As a result, pension fund boards’ agendas have become more complex and demanding than at any previous time. While some larger funds use best-practice governance to retain a strategic focus in the face of this complexity and explore more dynamic investment models such as total portfolio thinking, other schemes are using this as an opportunity to review their governance models to ensure they remain sufficiently robust.

The shift in focus to meet the investment challenges of tomorrow – such as achieving net-zero targets and ensuring real-world impacts – is prompting an increasing number of pension fund boards to adopt a more holistic and agile approach as they revamp their people, investment and business models. Boards which are successfully managing this transition have employed the power of technology, governance and culture ingeniously. Other pension fund boards are taking notice.”

Marisa Hall, co-head of the Thinking Ahead Institute

In 2020, North America remains the largest region in terms of AUM and number of funds, accounting for 41.7% of all assets in the study, followed by Asia-Pacific (27.5%) and Europe (27.5%). The Asia-Pacific region experienced the largest annualised growth rate over the last five years at 9.9%. Europe and North America had annualised growth rates of 7.8% and 7% respectively, while Latin American and African funds’ AUM increased 5.7% during the same period.

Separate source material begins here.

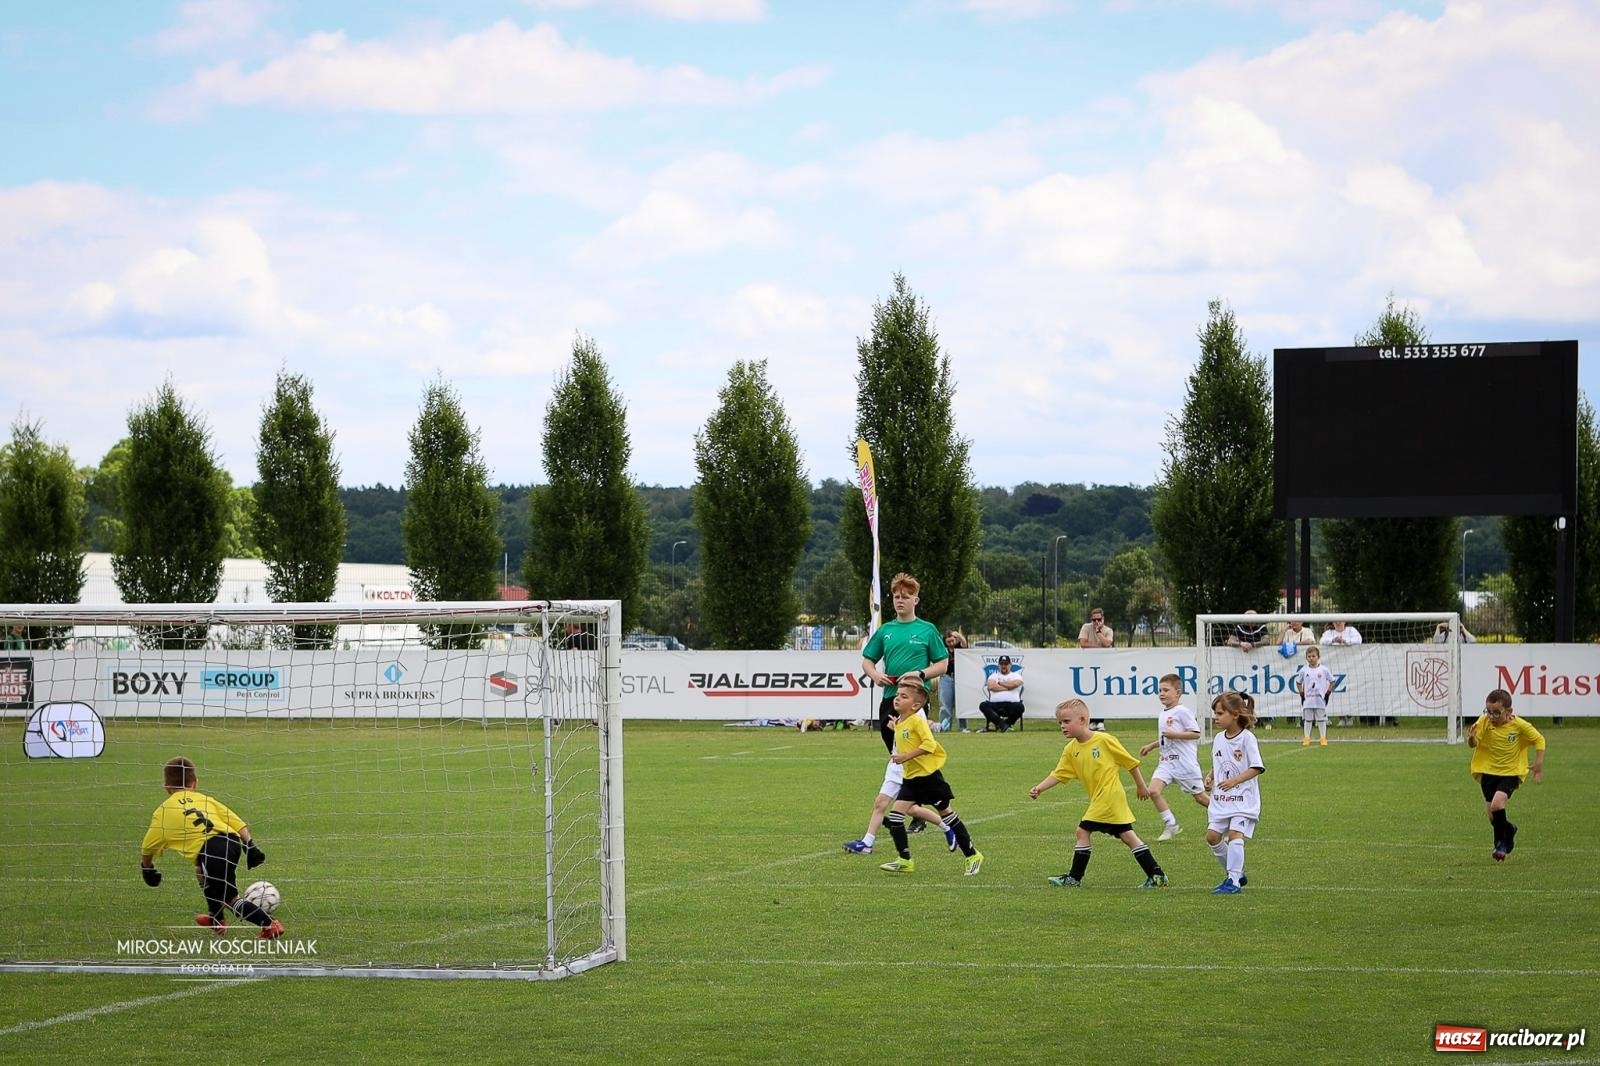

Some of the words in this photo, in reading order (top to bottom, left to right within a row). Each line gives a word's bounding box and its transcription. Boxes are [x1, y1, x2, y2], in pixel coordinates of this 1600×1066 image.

Overall, US continues to have the largest number of funds in the top 300 ranking (138), followed by the UK (23), Canada (18), Australia (16) and Japan (14). A total of 34 new funds entered the top 300 in the last five years, with the US contributing the greatest net number of new funds (7) – having had 15 funds leave the ranking and 22 join. In contrast, the UK had the highest net loss of funds (4) during the same period as DB schemes in the UK continue to mature. 

Among the top 300 funds, DB fund assets continue to dominate at 63.4% of the total AUM. However, the share of DB fund assets has been declining modestly over the years, as DC funds, reserve funds and hybrid fund assets are slowly gaining traction.

DB schemes dominate in North America and Asia-Pacific where they represent 73.7% and 64.7% respectively. To a smaller degree, DB schemes also account for a majority of assets in Europe (52%), whereas DC plans dominate in other regions accounting for 72.5% of assets, particularly in Latin American countries.

According to the research, sovereign and public sector pension funds account for 68% of the total AUM in the research, with 141 funds of this type in the top 300. Corporate pension funds come in second, making up 17% of total AUM (with 101 funds); and finally, private independent funds which account for 15% of total AUM with 58 funds. 

The research also shows that the top 20 pension funds’ AUM – which constitute 41.8% of the total – grew by a 14.6% in 2020; the second highest annual growth rate since 2004. This translates in a compound annual growth rate during the last five years of 8.9% for the top 20 and 7.9% for the top 300. 

The top 20 fund assets are predominantly invested in equities (46.6%) followed by fixed income (36.3%) and alternatives and cash (17.1%) – on a weighted average basis. These funds have, in aggregate, slowly increased their allocation to alternatives during the past few years in order to meet return-target goals. 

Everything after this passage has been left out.